Legendary investor Warren Buffet famously said, “only when the tide goes out do you discover who has been swimming naked.” In the past year, following the Crypto Winter, there has been an explosion of activity by United States regulators and enforcers. The Securities and Exchange Commission (SEC) in particular has made clear that it thinks everyone in the crypto pool is swimming without their trunks. Ironically, while the SEC and the Commodity Futures Trading Commission (CFTC) have brought a great deal of enforcement actions, they also have loudly disagreed with each other over who has jurisdiction, i.e., which digital assets are securities and which are commodities. Crypto companies, for their part, have complained that it is not clear what digital assets, if any, are securities, and that they have not been given clear regulatory rules of the road.
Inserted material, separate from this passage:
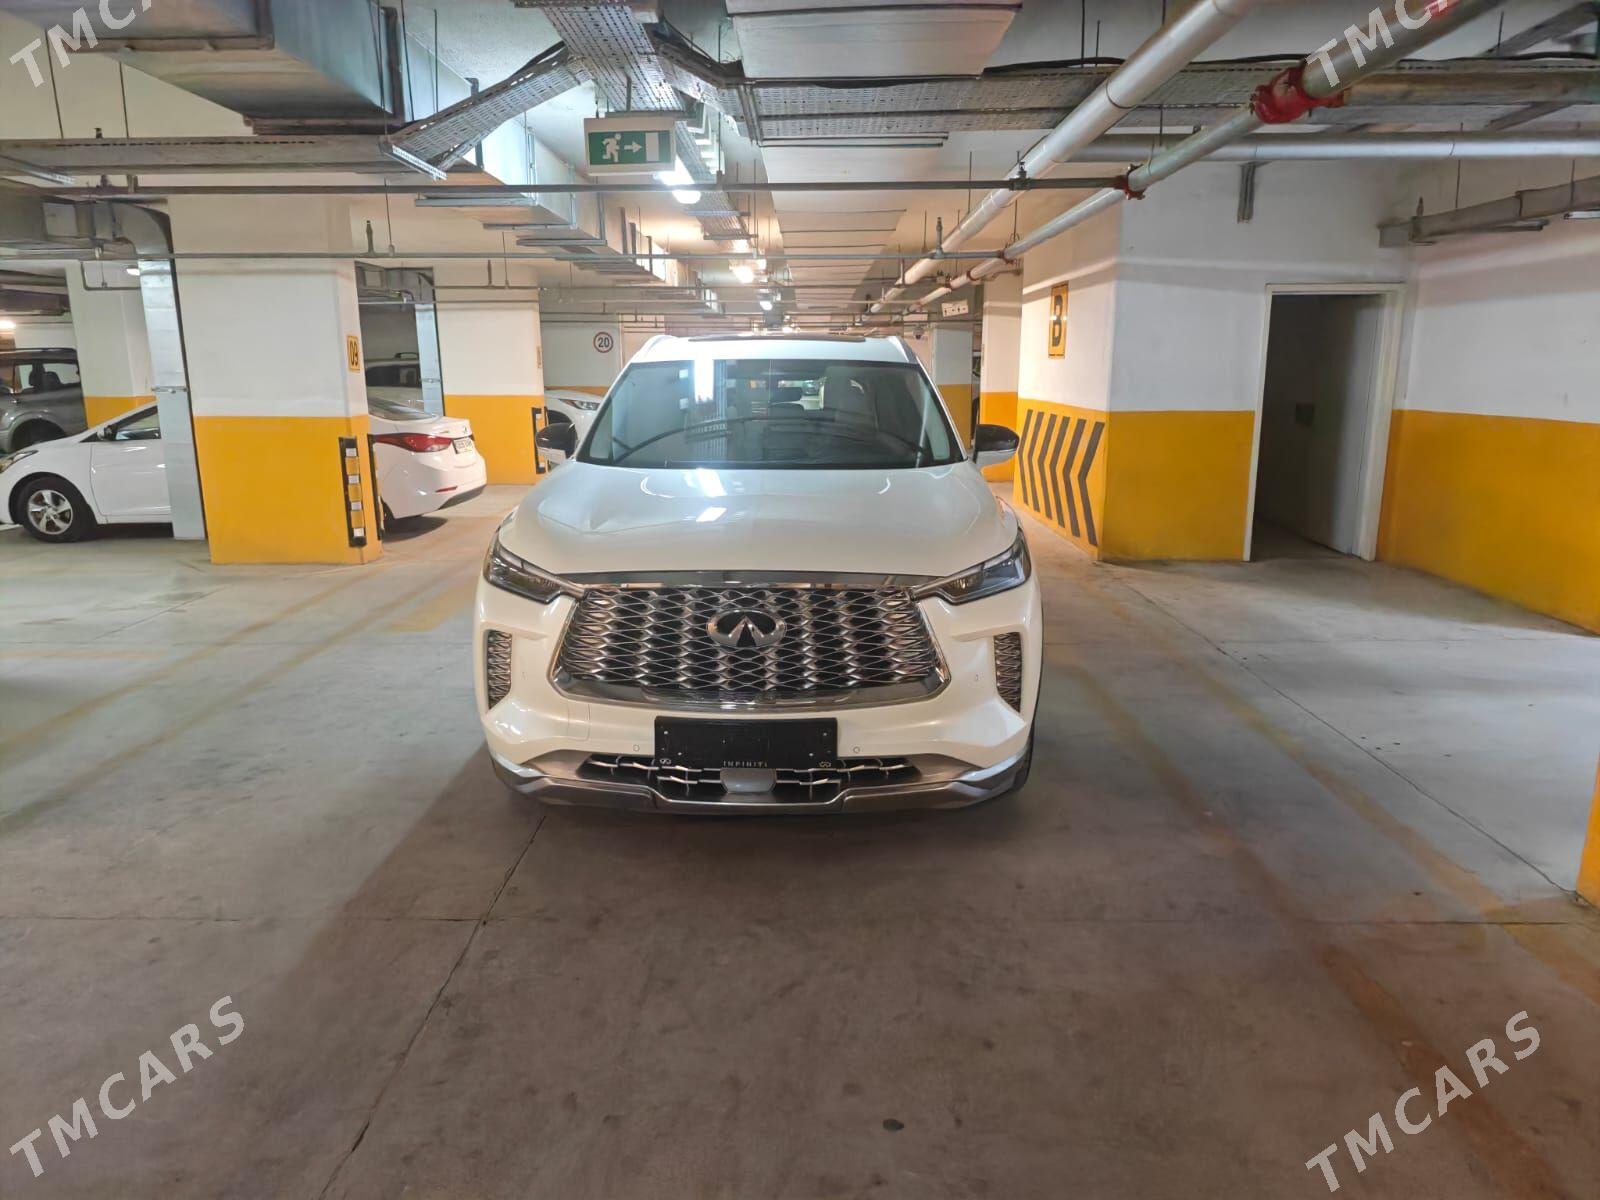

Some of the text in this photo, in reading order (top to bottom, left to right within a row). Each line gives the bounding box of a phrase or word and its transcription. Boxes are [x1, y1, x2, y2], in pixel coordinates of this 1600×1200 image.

[1051, 294, 1063, 347] B
[597, 337, 610, 348] 20
[723, 760, 768, 768] INFINITI
Meanwhile, the U.S. Department of Justice (DOJ) has paved its own path forward in the crypto space. Judge Rakoff once famously wrote, “to prosecutors of white collar crime, the mail fraud statute is our Stradivarius, our Colt 45, our Louisville Slugger, our Cuisinart—and our true love.” Jed S. Rakoff, The Federal Mail Fraud Statute (Part 1), 8 Duq. L. Rev. 771 (1980). Modern day white-collar prosecutors have often relied on mail fraud’s cousin, wire fraud, and have used that statute to great effect in the crypto space. By principally relying on the wire fraud statute, federal prosecutors have largely sidestepped the question of whether and which digital assets constitute securities or not.